Member of the Chamber of Deputies
- In office 15 May 1961 – 15 May 1969
- Constituency: 15th Departmental Group

Mayor of San Carlos
- In office 1971–1973

Personal details
- Born: 12 February 1919
- Died: 23 April 2014 (aged 95) La Florida, Chile
- Political party: Christian Democratic Party
- Profession: Politician

= Carlos Cerda Aguilera =

Chilean politician (1919–2014)

Carlos Orlando Cerda Aguilera (12 February 1919 – 23 April 2014) was a Chilean politician from the Christian Democratic Party.

==Biography==
Cerda worked for the Social Security Service in Rancagua between 1933 and 1934.

He joined the Christian Democratic Party (PDC) in its early years. In 1956 he was elected councillor (regidor) of San Carlos for the 1956–1957 term.

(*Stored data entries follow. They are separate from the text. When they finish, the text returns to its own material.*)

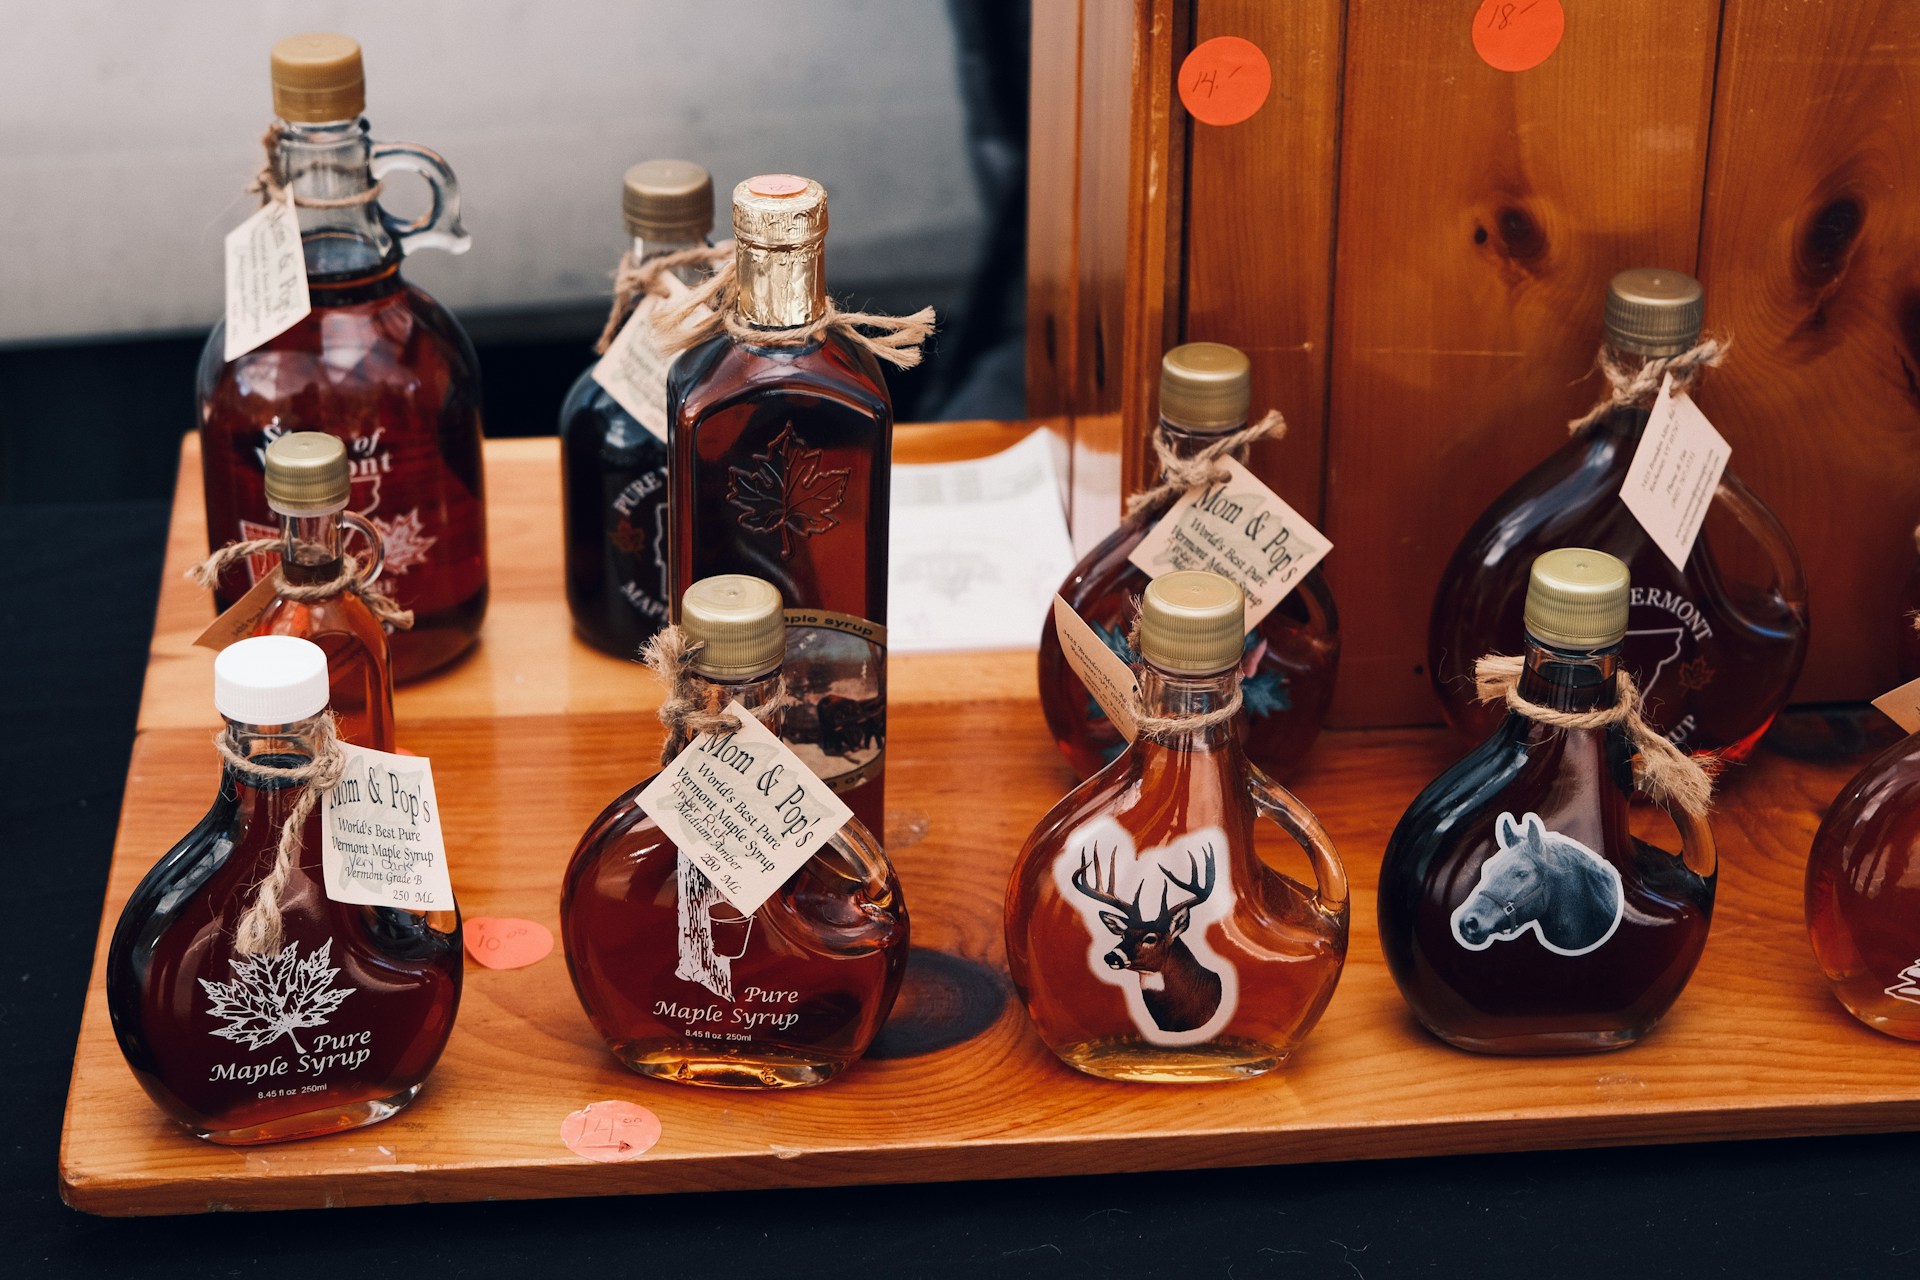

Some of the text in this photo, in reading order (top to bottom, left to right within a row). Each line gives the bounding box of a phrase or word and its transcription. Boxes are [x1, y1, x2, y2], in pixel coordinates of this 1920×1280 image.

[353, 426, 386, 456] of
[613, 471, 662, 516] PURE
[1171, 525, 1208, 560] Vermont
[1191, 485, 1302, 584] Mom & Pop's
[1190, 518, 1267, 588] World's Best Pure
[824, 618, 873, 635] syrup
[1630, 587, 1713, 642] ERMONT
[330, 766, 431, 826] Mom & Pop's
[699, 731, 821, 848] Mom & Pop's
[675, 767, 776, 874] Vermont Maple Syrup
[697, 762, 781, 851] World's Best Pure
[338, 817, 421, 842] World's Best Pure
[674, 802, 743, 871] Medium Amber
[332, 836, 434, 868] Vermont Maple Syrup
[345, 866, 423, 886] Vermont Grade B
[720, 874, 742, 895] ML
[393, 890, 435, 904] 250 ML
[744, 987, 799, 1003] Pure
[652, 1001, 799, 1031] Maple Syrup
[313, 1030, 371, 1053] Pure
[685, 1029, 703, 1038] 8.45
[704, 1031, 710, 1039] fl
[726, 1033, 752, 1042] 250ml
[208, 1048, 370, 1085] Maple Syrup
[257, 1083, 327, 1099] 8.45 fl oz 250ml
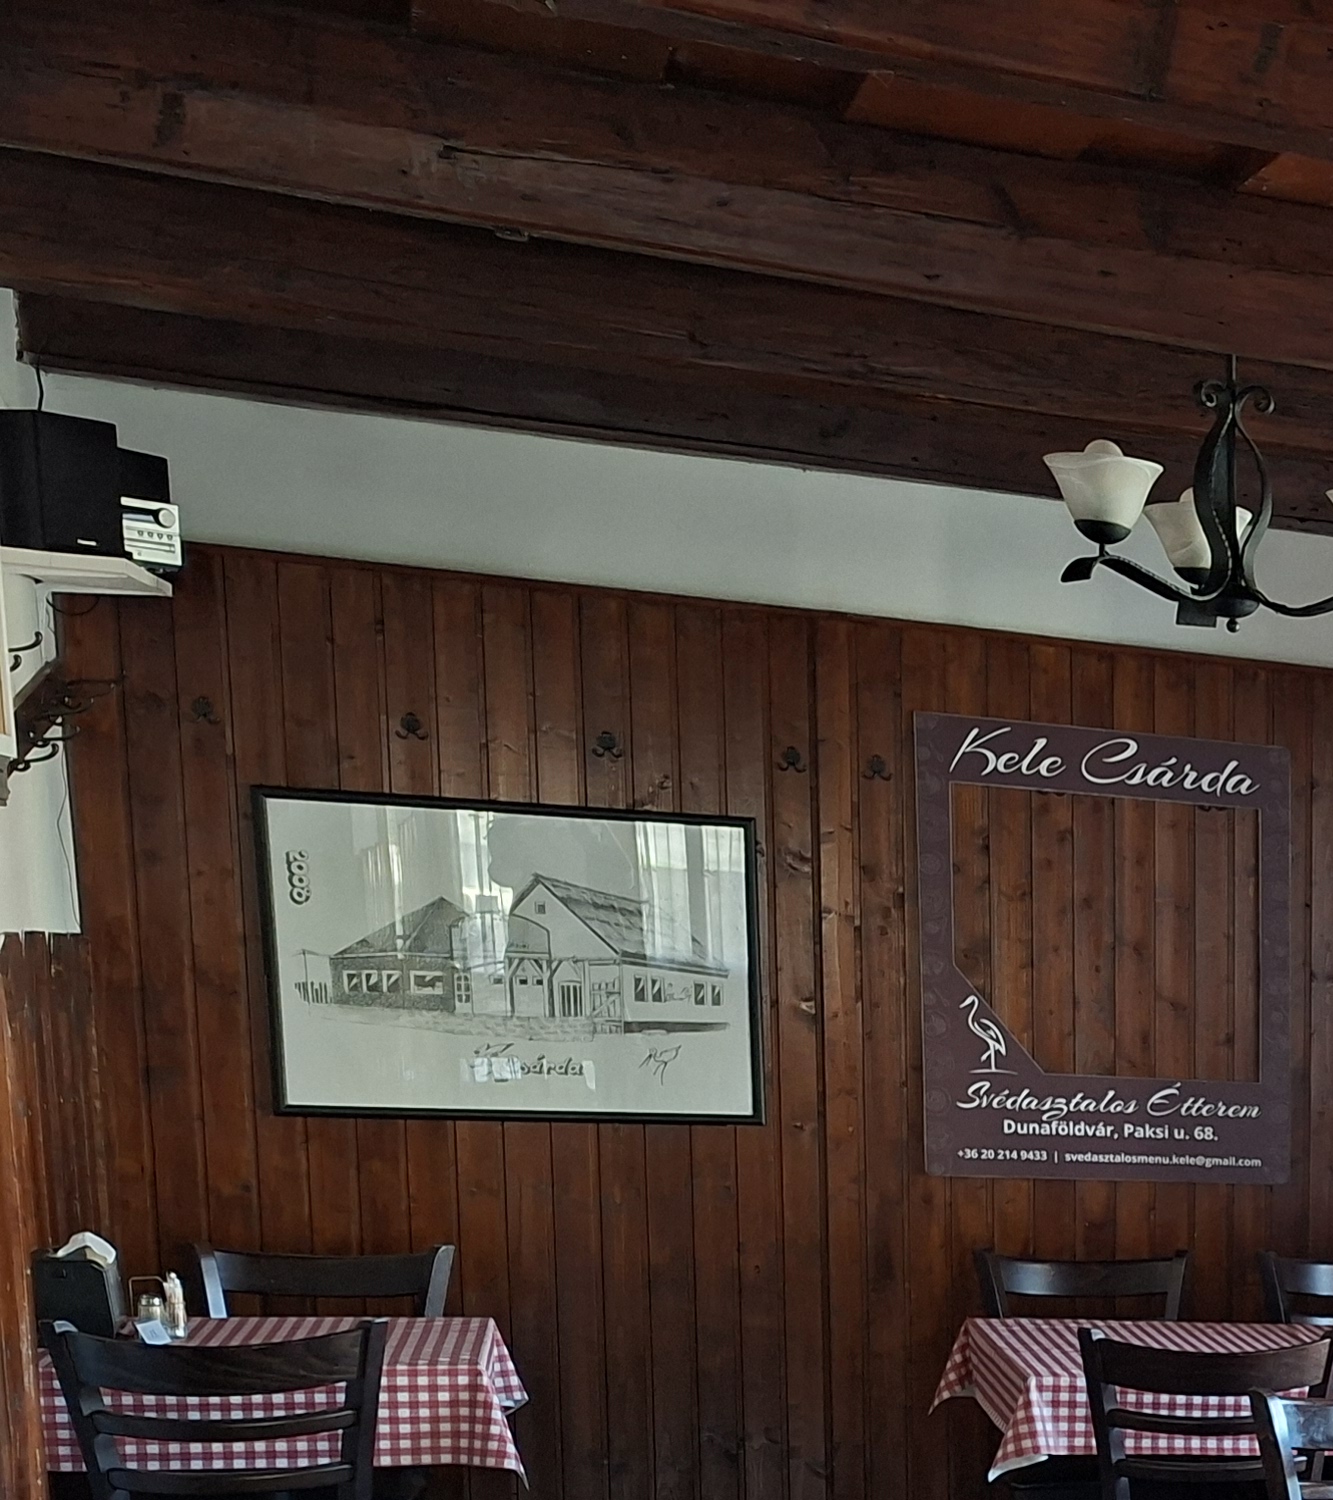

In the 1961 elections, he was elected deputy for the 15th Departmental Group (Itata and San Carlos) for the 1961–1965 term. He sat on the Permanent Commission on Roads and Public Works and served as an alternate member of the Permanent Commission on National Defense.

He was re-elected in 1965 for the 1965–1969 term, this time joining the Permanent Commission on National Defense. From 1969 he was also a member of the Christian Democratic parliamentary committee.

In 1971, Cerda was elected mayor of San Carlos, serving until 1973.